Propallene longiceps

Scientific classification
- Kingdom: Animalia
- Phylum: Arthropoda
- Subphylum: Chelicerata
- Class: Pycnogonida
- Order: Pantopoda
- Family: Callipallenidae
- Genus: Propallene
- Species: P. longiceps
- Binomial name: Propallene longiceps (Bohm, 1879)

= Propallene longiceps =

- Genus: Propallene
- Species: longiceps
- Authority: (Bohm, 1879)

Species of sea spiders

Propallene longiceps is a species of sea spider in the family Callipallenidae. It is found in shallow water in the western Pacific Ocean.

==Description==
Propallene longiceps has a compact body, the male being slightly more slender than the female. The propodus of the claw is slightly curved and has a number of elongate spines on its heel, and both males and females have hairy legs. The female is distinguishable by the swollen femurs of the walking legs, and the male is notable for the high number of cement gland ducts present, which is usually more than ten.

==Distribution==
Propallene longiceps is native to the tropical Indo-Pacific region. Its range extends from the Red Sea and the Horn of Africa to India, Malaysia, southern China and Japan.

==Biology==
In Pycnogonids, the female lays the eggs onto her walking legs, and in most species, the male transfers the eggs to his ovigers (legs adapted for the care of eggs and young), where he fertilises them. This arrangement ensures that the eggs that he will be carrying for the next few months are actually his own offspring. Propallene longiceps is an exception to this however, as in this species, the eggs are fertilised before being transferred to the male.
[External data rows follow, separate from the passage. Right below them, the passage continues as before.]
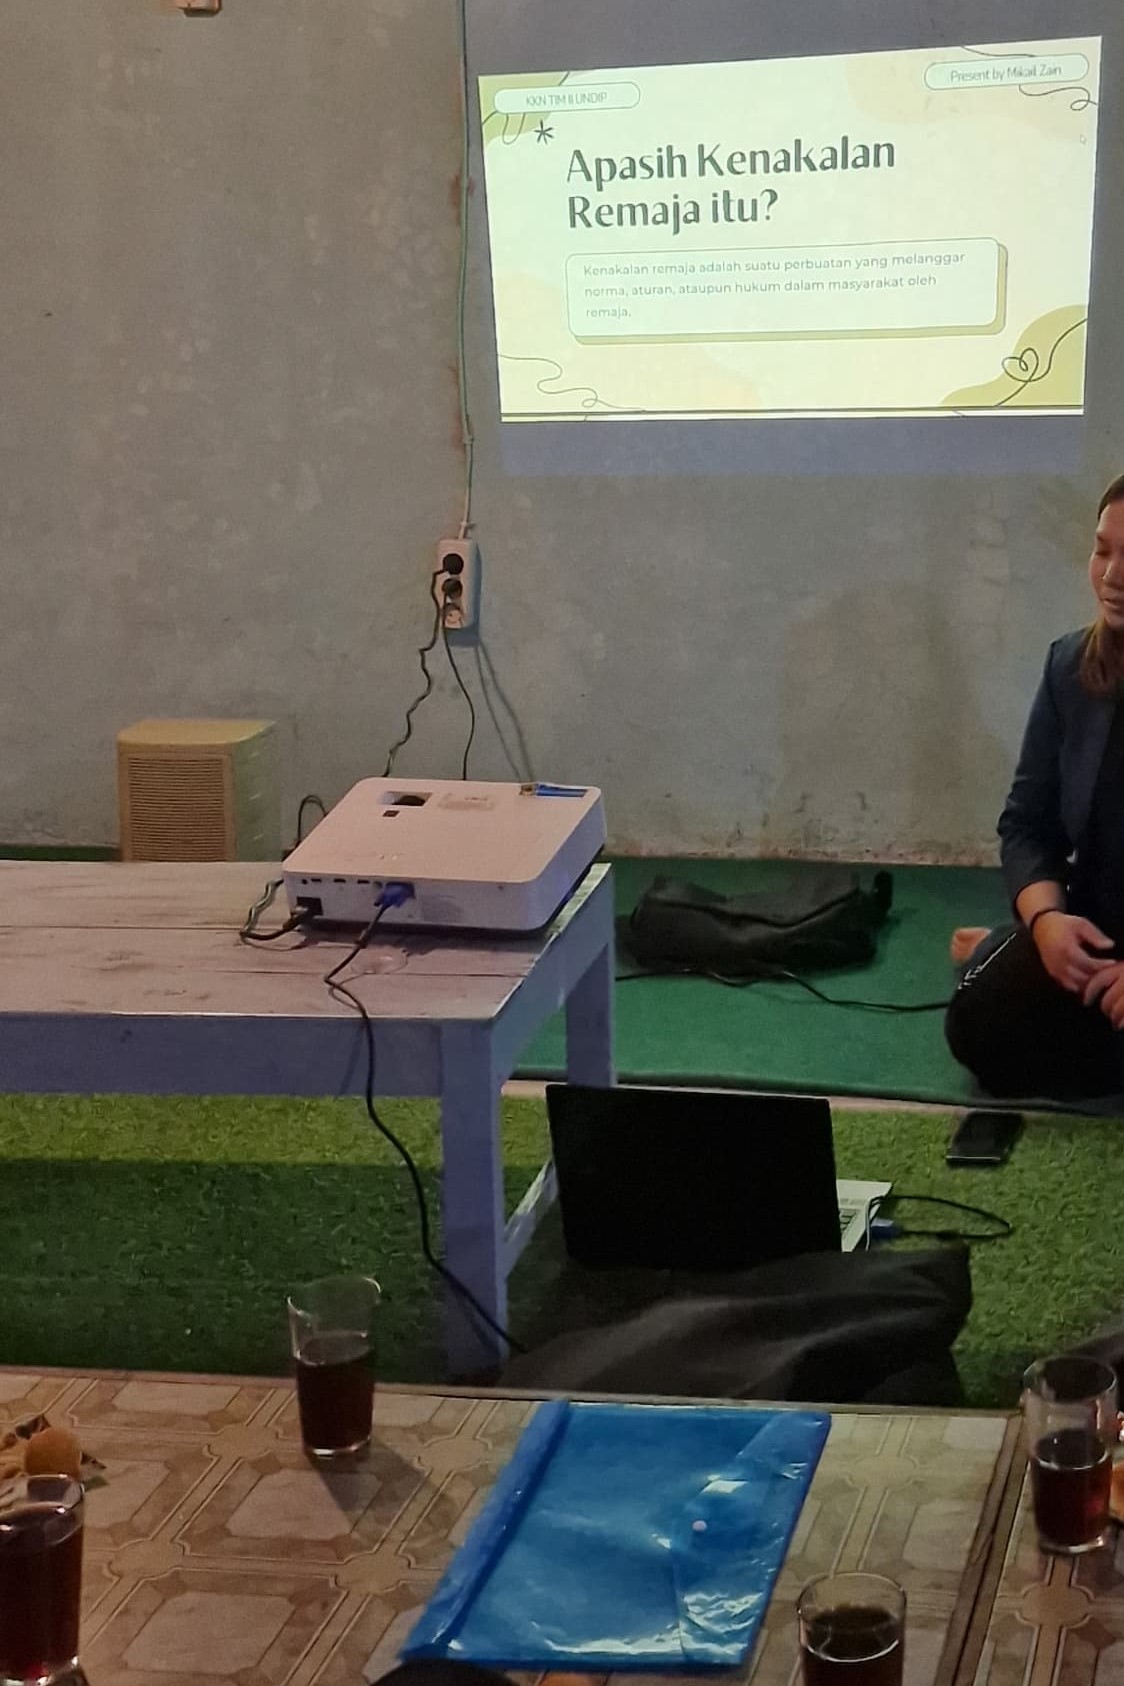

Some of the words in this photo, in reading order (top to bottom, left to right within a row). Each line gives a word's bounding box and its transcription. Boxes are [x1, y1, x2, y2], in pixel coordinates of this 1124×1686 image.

[951, 69, 989, 82] Present
[992, 67, 1005, 81] by
[1039, 63, 1063, 76] Zain
[548, 94, 566, 106] TIM
[575, 91, 608, 104] UNDIP
[566, 144, 687, 192] Apasih
[697, 135, 895, 177] Kenakalan
[568, 193, 701, 236] Remaja
[711, 188, 778, 223] itu?
[583, 264, 649, 277] Kenakalan
[652, 262, 696, 276] remaja
[699, 260, 742, 273] adalah
[744, 259, 781, 272] suatu
[784, 257, 852, 272] perbuatan
[855, 256, 888, 270] yang
[892, 252, 965, 267] melanggar
[584, 286, 629, 298] norma,
[631, 284, 676, 297] aturan,
[678, 283, 732, 297] ataupun
[735, 281, 781, 294] hukum
[784, 279, 825, 292] dalam
[828, 276, 904, 292] masyarakat
[907, 274, 937, 287] oleh
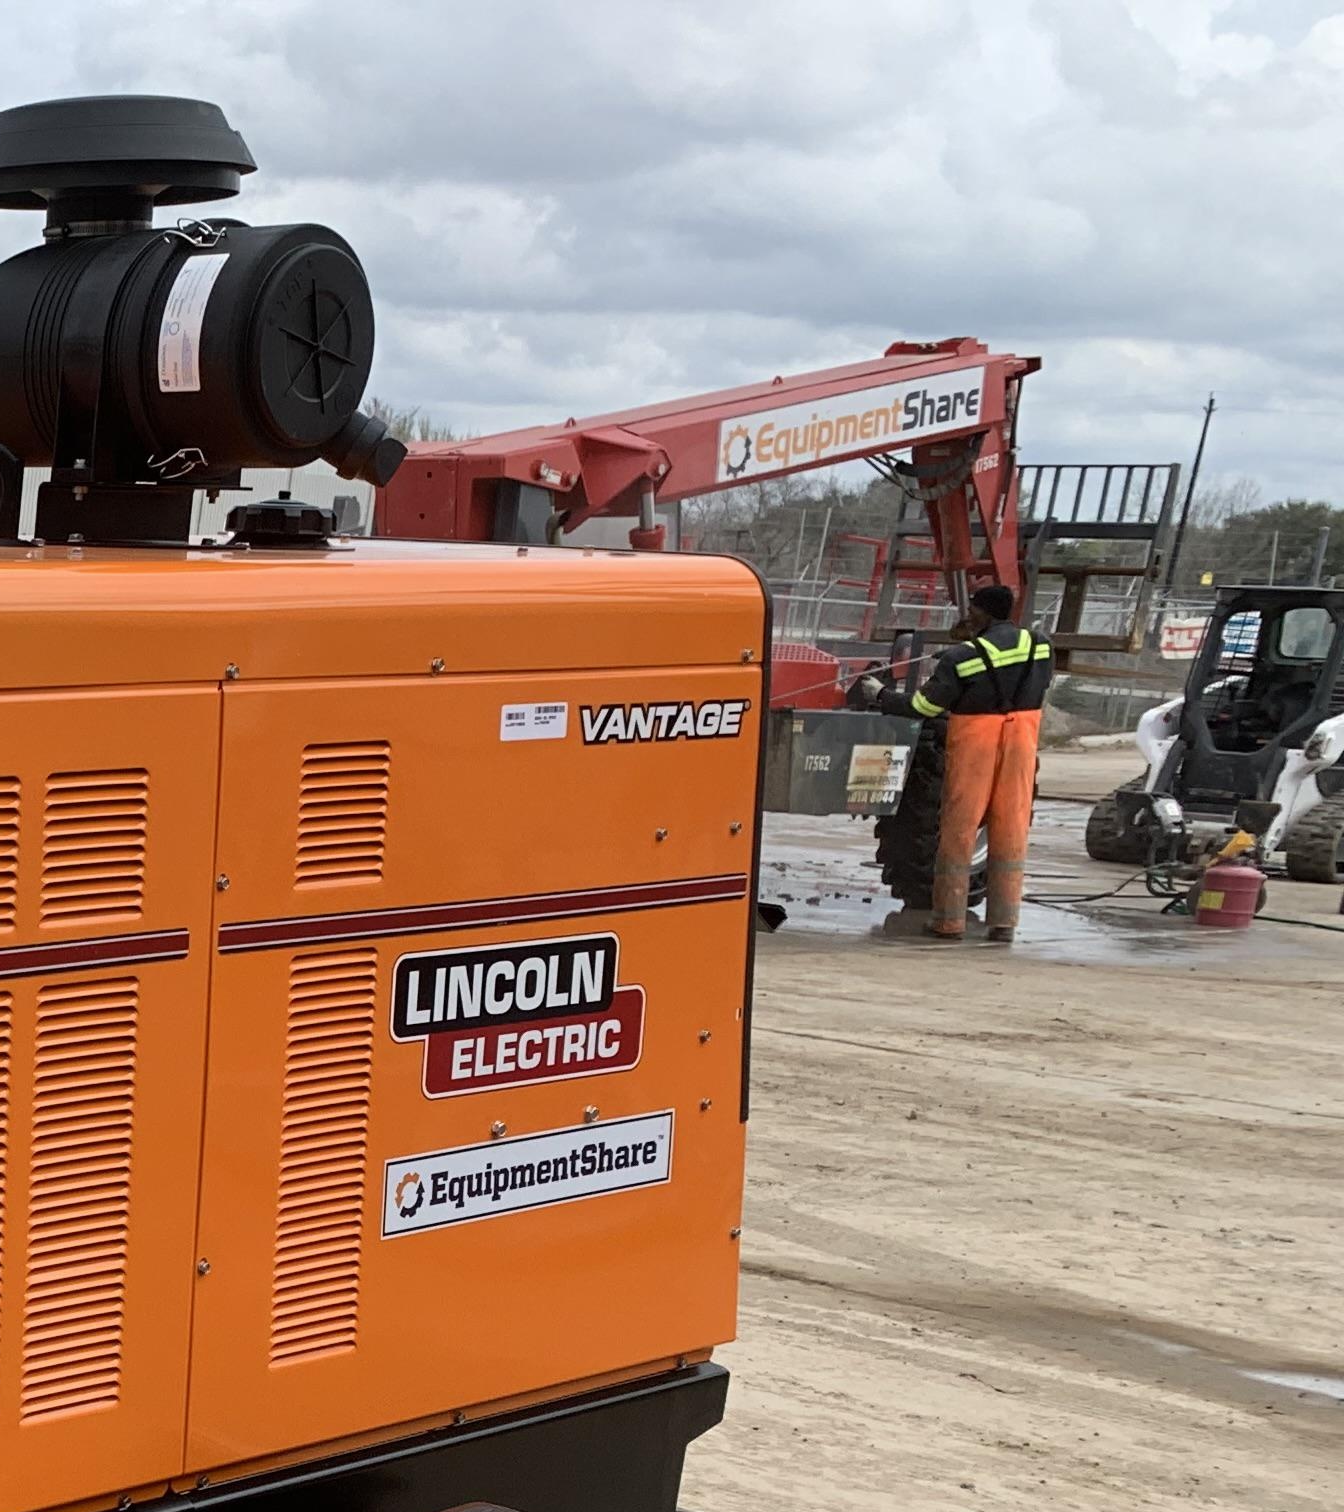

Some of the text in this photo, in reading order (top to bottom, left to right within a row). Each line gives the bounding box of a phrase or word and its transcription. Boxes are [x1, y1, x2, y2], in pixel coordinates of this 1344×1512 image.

[755, 387, 980, 467] EquipmentShare
[580, 702, 746, 743] VANTAGE
[804, 755, 831, 772] 17562
[405, 949, 606, 1026] LINCOLN
[450, 1018, 622, 1081] ELECTRIC
[429, 1138, 658, 1210] EquipmentShare
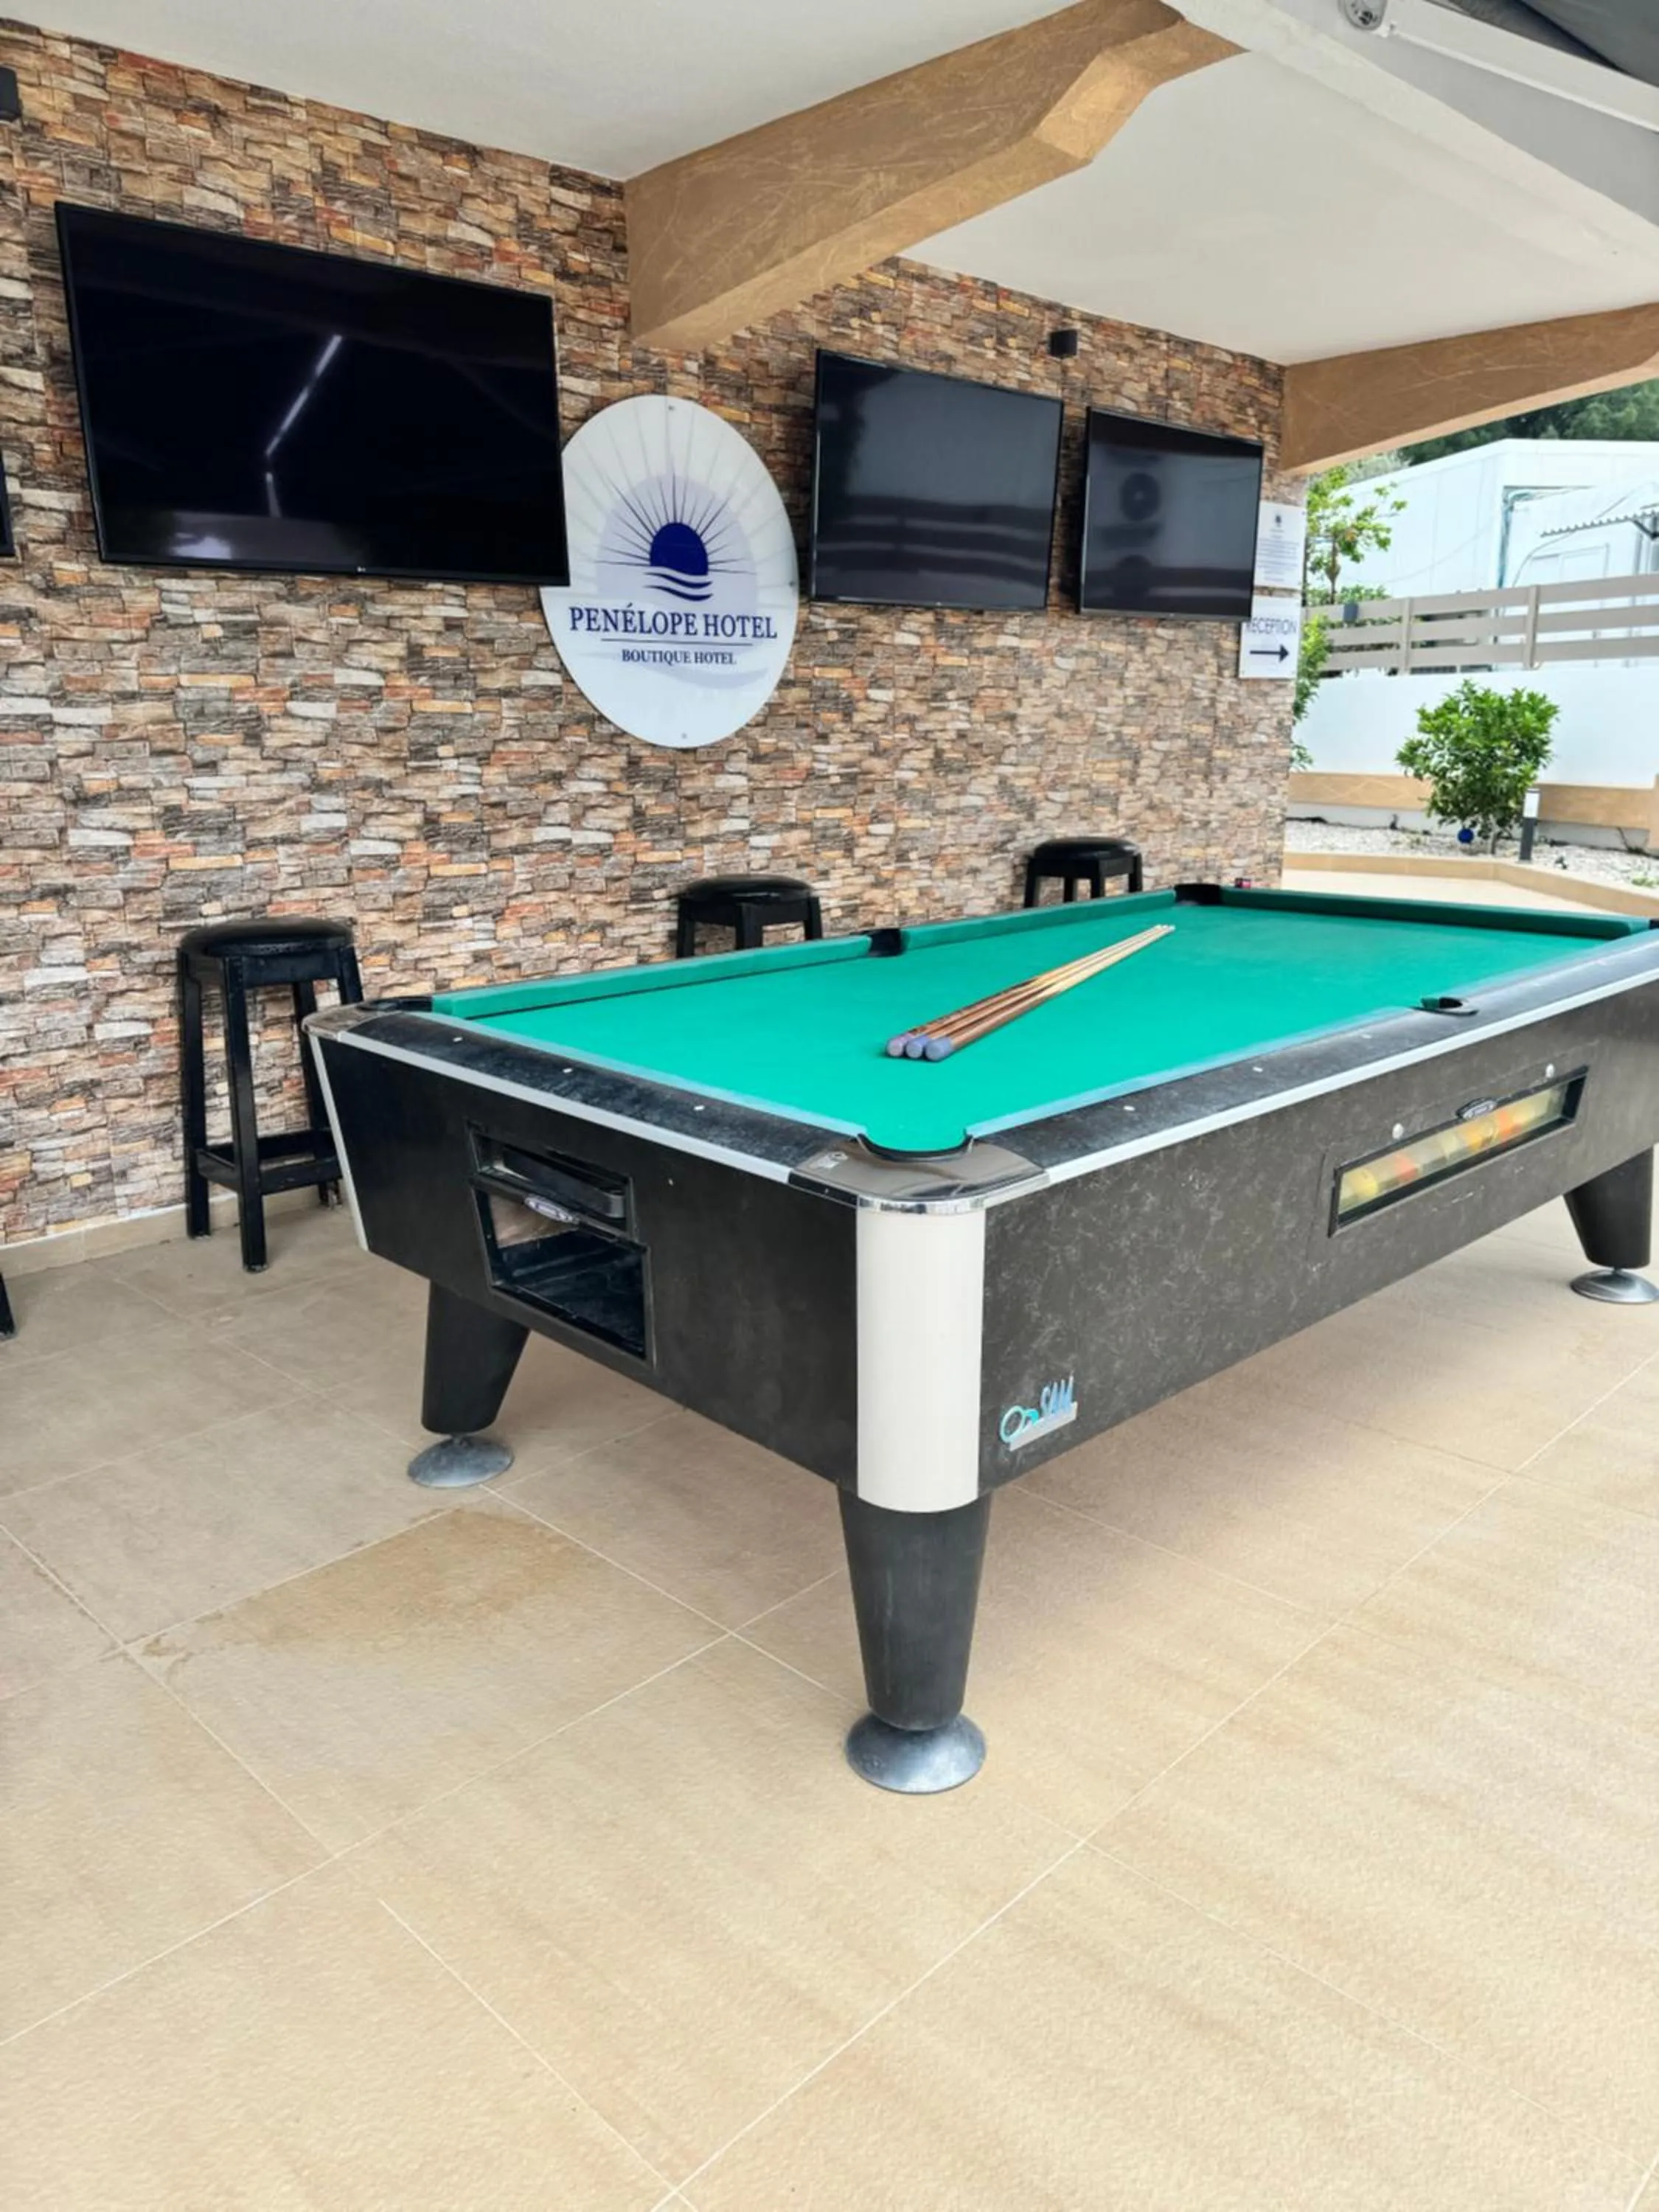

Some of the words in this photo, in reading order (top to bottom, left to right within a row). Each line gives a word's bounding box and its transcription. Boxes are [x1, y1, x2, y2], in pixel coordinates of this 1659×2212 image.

[569, 602, 698, 636] PENÉLOPE
[703, 613, 777, 639] HOTEL
[622, 649, 691, 666] BOUTIQUE
[694, 653, 737, 664] HOTEL
Egg laying is performed while the male is clinging to the back of the female, the pair being upside-down. The ovaries are in the femurs of each walking leg of the female, and eggs of varying size are present in each ovary. Stimulated by the male's courtship activities, the two largest eggs in each ovary work their way along the inside of each leg, emerging from a gonopore on the coxa after about three minutes. At this stage, the male and female realign so that their ventral surfaces are together, and fertilisation takes place. The female collects the eggs with her ovigerous legs and passes them to the male's ovigerous legs. He accumulates them into egg masses, usually containing eight eggs, and uses mucus to form them into bracelet-like clusters, which he wraps around his ovigerous legs. Further egg rings are added at the proximal ends of the limbs, and there may be four to six rings on each limb. The different egg masses may originate from different females.

The eggs hatch after approximately one week. The first instar larva moults as a hatchling, so the second instar larva is considered the first attached developmental stage. This moults three times while retained on the ovigers, and six further times during its free-living stage in the water column. It will be fully grown and mature about five months after the egg was fertilised.